In experiments and analysis, physicists control for outside influences at the highest standard. But political, societal, social, and financial conditions influence the path of scientific progress all along the way. There is no Faraday cage for politics or a vacuum chamber that keeps out financial considerations. For better or for worse.

Virginia Trimble, an astronomer and science historian at the University of California, Irvine, provides even more context on the events leading up to this first test of general relativity in a class on how World War I (1914–18) impacted the sciences. During the war, many scientists, including Einstein, were going hungry due to low agricultural output, halted imports, and price controls. Work was interrupted as scientists became soldiers, and sometimes, as in the case of the exceptional English physicist Henry Moseley, they became casualties. The number of research publications decreased dramatically across the world, and once-thriving international scientific collaborations collapsed. “All science suffered greatly,” she says.

But science has also benefited greatly from war.

Trimble notes that as men left for the battlefield, jobs in academia and industry were suddenly open to women—accelerating the pace with which women contributed to STEM fields and received the right to vote in many countries. Portable x-ray equipment, facial reconstruction, and prosthetics work advanced quickly, driven by attempts to keep soldiers alive and functioning. Developments in chemistry yielded new explosives and poisonous gases but also enabled the large-scale production of fertilizer, necessary to maintain food supplies even today. Infrared-sensitive photographic emulsions developed for reconnaissance formed the basis for astronomical advances. Sonar technologies developed to locate submarines have been adapted to map the seafloor and track biodiversity. “Nearly all technology advances come from war,” Trimble says.

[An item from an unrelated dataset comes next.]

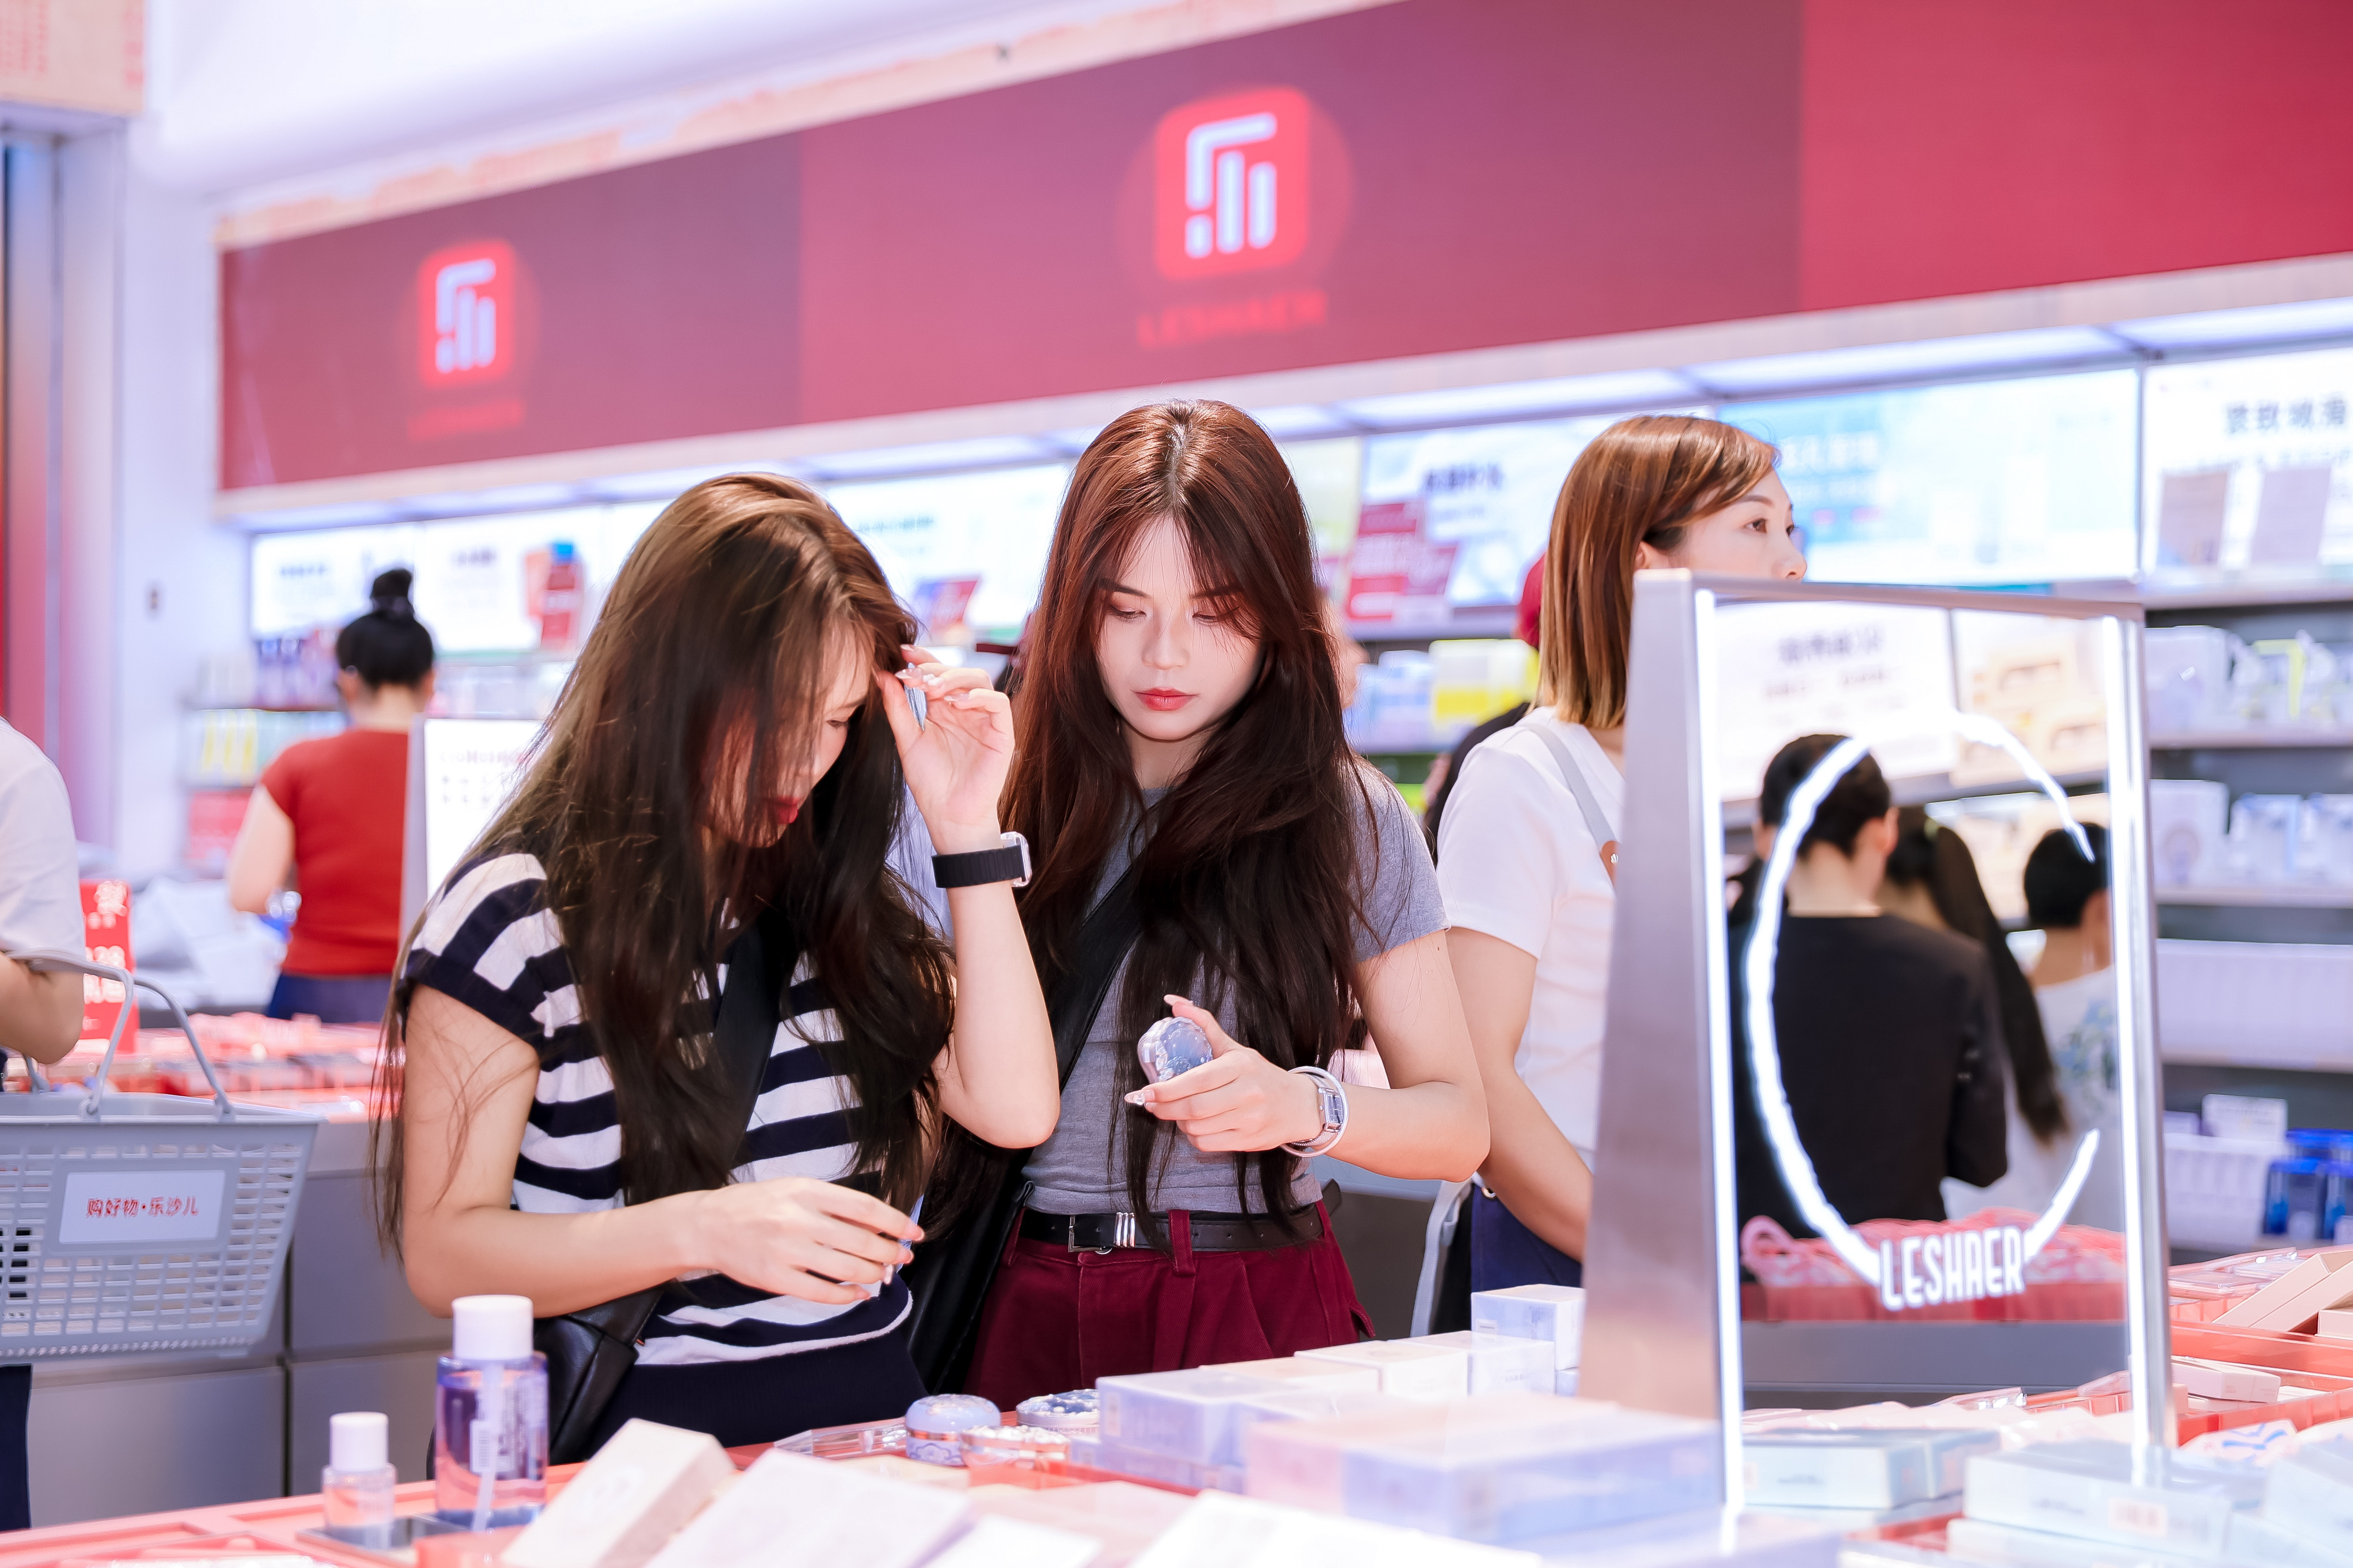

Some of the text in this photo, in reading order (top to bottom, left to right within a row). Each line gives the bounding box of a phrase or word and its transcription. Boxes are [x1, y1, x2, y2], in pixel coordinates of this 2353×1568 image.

[86, 1196, 199, 1218] 购好物·乐沙儿
[1880, 1226, 2025, 1311] LESHAER

Trimble has turned her attention to the history of astronomy in recent years because of a natural curiosity but also because the past holds valuable context. “As many sages have said, Those who will not study history are doomed to repeat it. There is certainly some truth in that,” Trimble says. The opposite is also true, she notes. “Things have unintended consequences. Knowing what’s happened in the past can shed light both on how people react now and on what we might do now to avoid something that went badly in the past.”
Reflecting on what lessons can be drawn from the story of Einstein and Eddington, Bell Burnell offered these thoughts to physics students. “It’s always a good idea to try and make your own luck,” she says. “Try and identify people of integrity, of honesty, and upstanding [character]. Those are the people you want to associate with.”